Categories International, Investing, Momentum, OSAM Research, Value

(This is the second in a series of four posts that examine the efficacy of factor-based investing in the International market.)

Passive or Active?

Weighting & Concentration

Factor selection is a key determinant of portfolio performance. The final part of portfolio construction that determines how much the portfolio differs from the benchmark is how stocks are weighted. The benchmark simply market cap weights the stocks in the universe giving the highest weighting to the largest companies. We would like to determine the effect concentration and market cap weighting have on return and risk-adjusted return. To do this we start with the constituents of the MSCI EAFE Index and create portfolios based on value as tested in the previous section.

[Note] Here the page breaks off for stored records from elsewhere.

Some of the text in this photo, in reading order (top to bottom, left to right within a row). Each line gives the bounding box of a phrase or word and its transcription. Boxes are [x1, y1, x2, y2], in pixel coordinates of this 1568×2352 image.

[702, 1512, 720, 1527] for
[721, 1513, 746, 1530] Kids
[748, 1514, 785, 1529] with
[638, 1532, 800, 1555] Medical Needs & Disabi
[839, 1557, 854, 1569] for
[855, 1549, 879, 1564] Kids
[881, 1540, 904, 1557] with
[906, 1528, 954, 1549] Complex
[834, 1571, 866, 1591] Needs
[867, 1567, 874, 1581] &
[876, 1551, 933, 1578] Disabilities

We create two versions of the strategy:

  • Version 1 sorts all stocks in the MSCI EAFE on each rebalance date by valuation and builds portfolios from 100 to all of the stocks in the benchmark. (so the 100-stock version would be the 100 cheapest stocks on that date, and so on). Positions are equally-weighted (e.g., one percent each in the 100-stock portfolio).
  • Version 2 takes the same portfolios with the same stocks (from 100 to all of the benchmarks holdings) but weights the positions according to market cap. This method can create very top heavy weightings in the more concentrated portfolios (e.g., Toyota at 12 percent of the most recent 100-stock portfolio).

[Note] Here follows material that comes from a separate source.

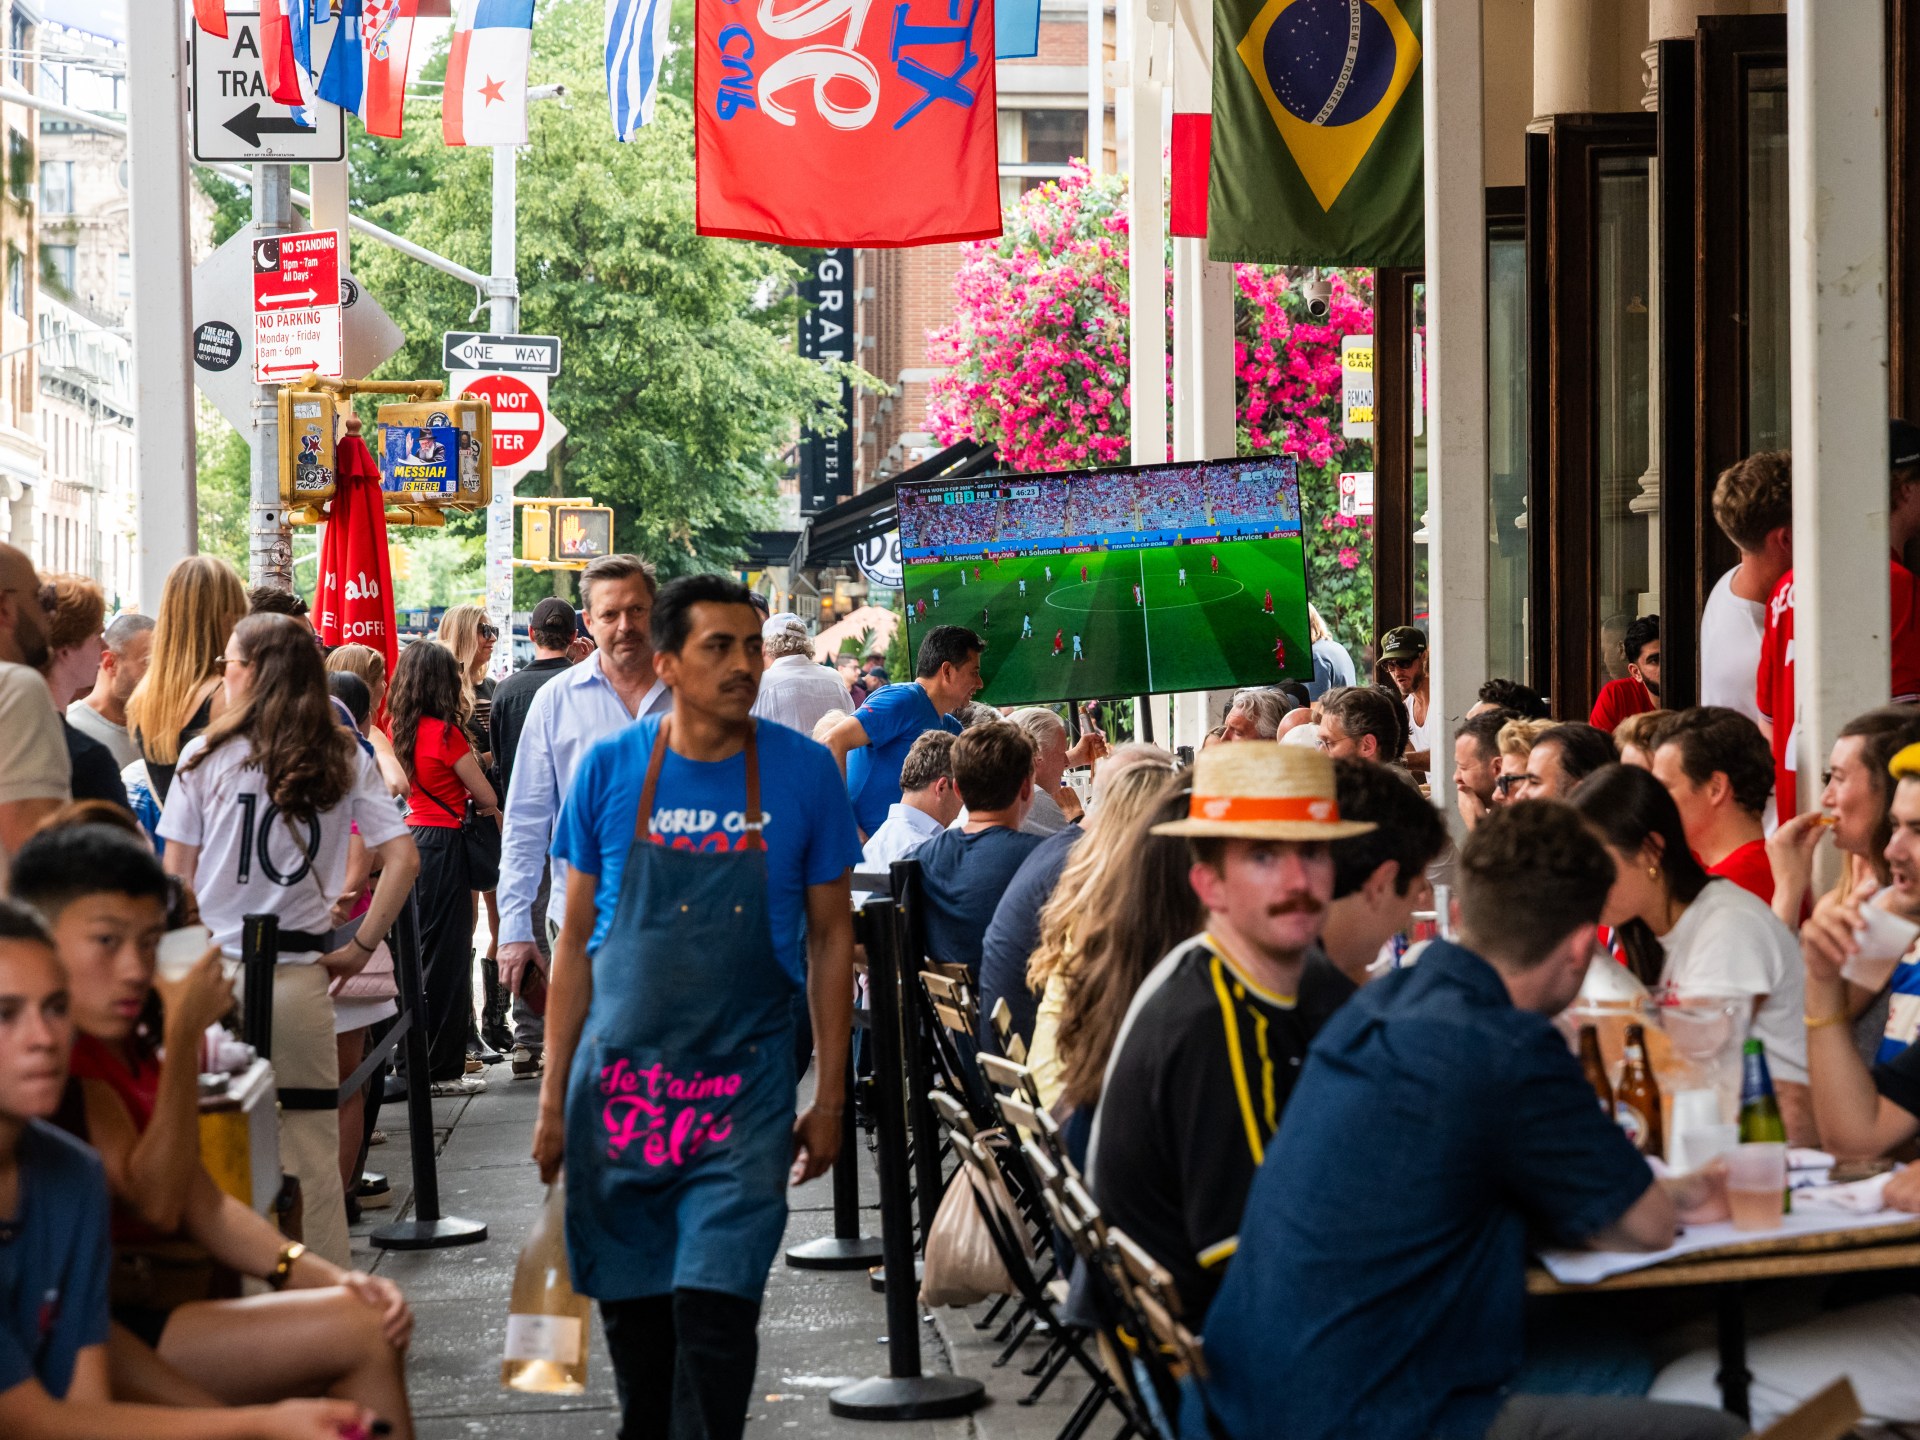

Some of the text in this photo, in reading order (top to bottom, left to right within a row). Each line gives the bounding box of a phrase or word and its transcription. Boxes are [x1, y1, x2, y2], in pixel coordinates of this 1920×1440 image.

The graphs below illustrate the impact of concentration and cap-weighting on both forward one-year excess returns and active share against the MSCI EAFE index. As concentration decreases so does active share and excess return. Also, market-cap weighted portfolios offer significantly less return than equal-weighted. Even in the case where both portfolios own all of the stocks in the benchmark, the effect of equal-weighting versus the benchmark adds 2.3% to excess return. The ability for active managers to be different from their benchmark is critical to achieving success.

Average Excess Return (%)

Active Share (%)

Alpha vs. Capacity

In order to deliver strong investment results to their clients, asset managers must shift from the frictionless world of research to a real world setting. Another important aspect of capturing alpha in the international market is managing market impact. Using the ITG cost estimates we are able to get a sense of the estimated market impact when trading a portfolio. Trading commissions are a real cost but our focus here is on market impact, which matters more for large asset managers. When a money manager trades billions of dollars this can have the effect of moving the price of the stocks you are buying or selling—you pay a higher price when buying and receive a lower price when selling than if you were trading a much smaller $1 million account.

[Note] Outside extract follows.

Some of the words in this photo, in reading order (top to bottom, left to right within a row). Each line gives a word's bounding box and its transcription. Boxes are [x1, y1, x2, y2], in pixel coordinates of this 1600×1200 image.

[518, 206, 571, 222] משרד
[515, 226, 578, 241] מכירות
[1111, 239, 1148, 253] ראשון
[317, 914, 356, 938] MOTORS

To show the impact of asset levels on market impact, we expand our universe to all stocks trading on developed international markets with a market capitalization greater than $200 million, which will include small and mid-cap companies where market impact costs are greater. Similar, to the previous analysis we build portfolio based on valuation ranging from 100 to all stocks in the opportunity set. Positions are rebalanced on a rolling annual basis, meaning the holding period for each position is at least one year.

Value Portfolios:



The market impact estimates are based on the 5-year period from 2010 to 2015. ITG cost curves are based on actual market conditions over this time frame. This table illustrates the paradigm of alpha against scale. We’ve shaded boxes denoting the points where impact (annualized) exceeds one percent. Over the various concentration levels, the average forward 1-year outperformance of the equal-weighted versus cap-weighted portfolios is approximately 2.5% (see “Average Excess Return” above). The concentrated portfolios, while providing greater alpha, cannot accommodate the scale that smart beta or other large asset managers are looking for. For example, at an asset level of $5.0 billion the 200 stock equal-weighted portfolio has a market impact cost of 1.10% versus 0.41% for the market cap weighted version. The key to achieving excess return is to invest in concentrated equal-weighted portfolios that select stocks based on proven themes—the caveat of course is you must be willing to accept lower asset levels.